6 Summary and Discussion

[54] In this study, we have first homogenized time series of daily maximum and minimum temperatures recorded at 825 stations in China over the period from 1951 to 2010, using both metadata and the PMTred algorithm to detect change points, and using the QM adjustment method conducted with reference series to adjust the data time series to diminish inhomogeneities. This produces the largest Chinese data set of homogenized daily minimum and daily maximum temperatures, including 825 stations and covering a 60 year period (1951–2010), which is particularly useful for in-depth characterization of extreme surface air temperatures across China and for assessing changes therein. The raw and homogenized daily data for 198 international exchange stations will soon be made publicly available via the Global Land Surface Meteorological Databank of the International Surface Temperature Initiative (http://www.surfacetemperatures.org/home).

[55] We have noticed that station relocation is the main cause for the identified inhomogeneities, followed by station automation. The latter introduced obvious sudden increases in temperature between years 2004 and 2005. Our results show that, within the network of 825 stations, station relations collectively imposed an overall positive mean bias in Tmin and Tmax, but station automations collectively imposed an overall negative mean bias in Tmin and Tmax (Figure 3). The magnitude of the effects of station relocations and automations on Tmin is more variable than those on Tmax (Figures 3c–3f). The adjustments for all identified inhomogeneities are not distributed symmetrically about zero, showing a small negative bias for both Tmax and Tmin (Figures 3a–3b).

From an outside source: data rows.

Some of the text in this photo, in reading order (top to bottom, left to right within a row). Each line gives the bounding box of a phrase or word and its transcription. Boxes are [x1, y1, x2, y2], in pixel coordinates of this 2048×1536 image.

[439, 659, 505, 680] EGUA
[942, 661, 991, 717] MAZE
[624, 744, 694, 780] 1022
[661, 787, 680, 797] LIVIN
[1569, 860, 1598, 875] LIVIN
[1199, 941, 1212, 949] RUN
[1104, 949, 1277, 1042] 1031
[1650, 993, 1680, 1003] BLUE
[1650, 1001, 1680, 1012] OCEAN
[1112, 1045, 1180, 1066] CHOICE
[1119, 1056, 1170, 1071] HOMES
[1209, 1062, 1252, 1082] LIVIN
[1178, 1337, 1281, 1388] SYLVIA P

[56] We have also assessed the effects of inhomogeneities on estimation of trends in the annual mean temperature and in extreme temperature indices. We have shown that the data homogenization has improved the spatial consistency of estimated trends (Figures 5 and 7-10). We have also shown that data homogenization is rather important at the station level, though the impact of inhomogeneity appears to have a mostly random impact on the station network as a whole. Data homogenization has improved spatial consistency of estimated trends.

[57] Although the QM adjustment method used to homogenize daily temperature series in this study has been used in previous studies [e.g., Dai et al., 2011; Vincent et al., 2012; Wang et al., 2013], benchmarking of daily data homogenization methods is still lacking at the present. Such benchmarking work would be valuable to characterize the uncertainty associated with homogenization of daily climate data time series. Thus, this has become a planned activity of the International Surface Temperature Initiative (http://www.surfacetemperatures.org/home).

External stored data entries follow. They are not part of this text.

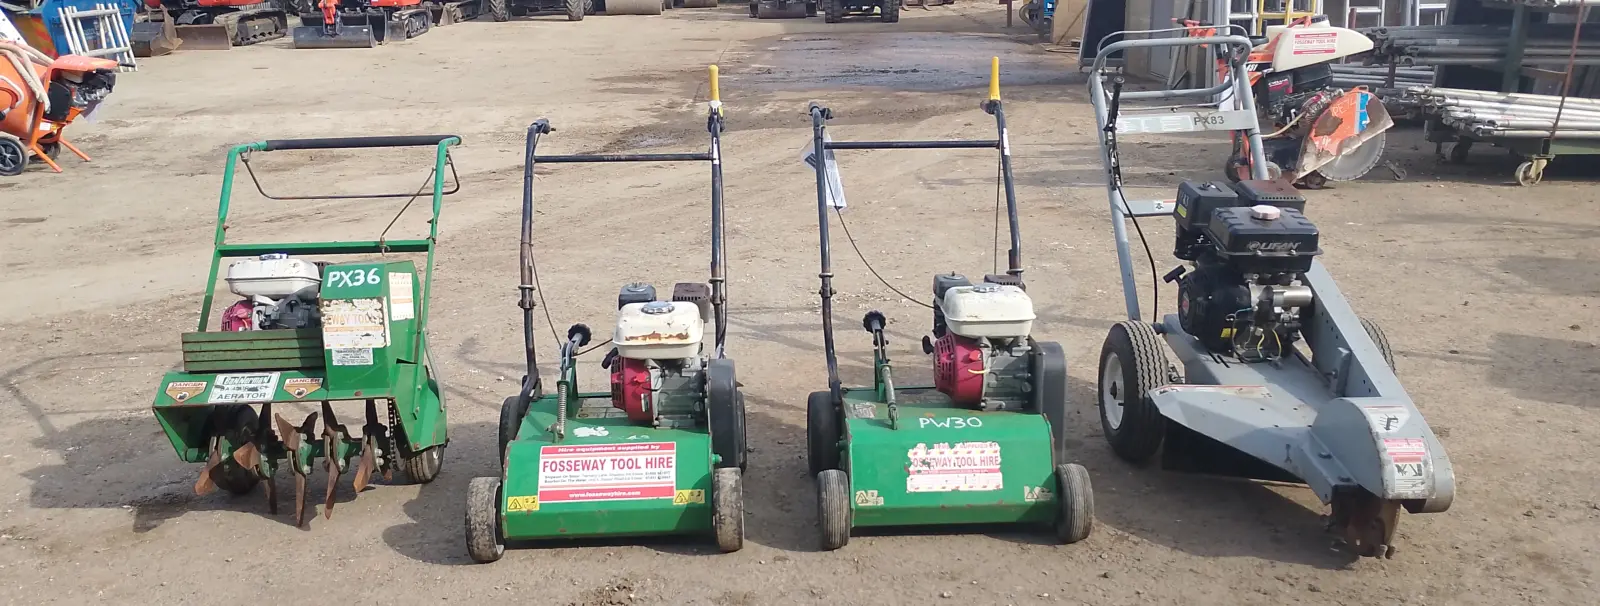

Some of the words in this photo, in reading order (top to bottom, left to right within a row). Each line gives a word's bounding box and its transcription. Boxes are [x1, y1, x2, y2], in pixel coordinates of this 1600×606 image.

[1193, 115, 1225, 126] PX83
[1261, 241, 1298, 251] LIFAN
[327, 267, 381, 288] PX36
[289, 377, 321, 385] DANGER
[216, 392, 267, 400] AERATOR
[918, 416, 983, 429] PW30
[617, 444, 649, 452] supplied
[542, 458, 607, 473] FOSSEWAY
[610, 457, 642, 471] TOOL
[645, 456, 673, 469] HIRE
[912, 455, 952, 469] OSSEWAY
[954, 456, 978, 468] TOOL
[979, 455, 999, 467] HIRE
[568, 489, 642, 498] www.fossewayhire.com

[58] Using the newly homogenized daily minimum and daily maximum temperature data, we have also analyzed trends in the extreme temperature indices for the 825 sites. Our results show that the vast majority (85%–90%) of the 825 sites have experienced significantly more warm nights and less cold nights since 1951. Also, there have been more warm days and less cold days since 1951, although these trends are less extensive. About 62% of the 825 sites were found to have experienced significantly more warm days and about 50%, significantly less cold days. None of the 825 sites were found to have significantly more cold nights/days or less warm nights/days. These indicate that the warming is stronger in nighttime (Tmin) than in daytime (Tmax) and stronger in winter than in summer, which are consistent with previous reports for other regions [e.g., Vincent et al., 2012; Wang et al., 2013]. Therefore, the diurnal temperature range was also found to have significantly decreased at about 49% of the 825 sites, with significant increases being identified only at 3% of these sites (Figure 11).

Acknowledgments

[59] This work was supported by State Key Development Program of Basic Research of China, 2010CB951600, Ministry of Science and Technology of China, GYHY201206012, National Science and Technology Supporting Program of the 12th Five-Year Plan Period, 2012BAC22B00, and China Meteorological Administration Special Foundation for Climate Change, CCSF201224. This work is conducted under the umbrella of the Canada-China Joint Working Group Project titled “R&D and Cooperation on Quality Control and Homogenization of Climate Observational Data”.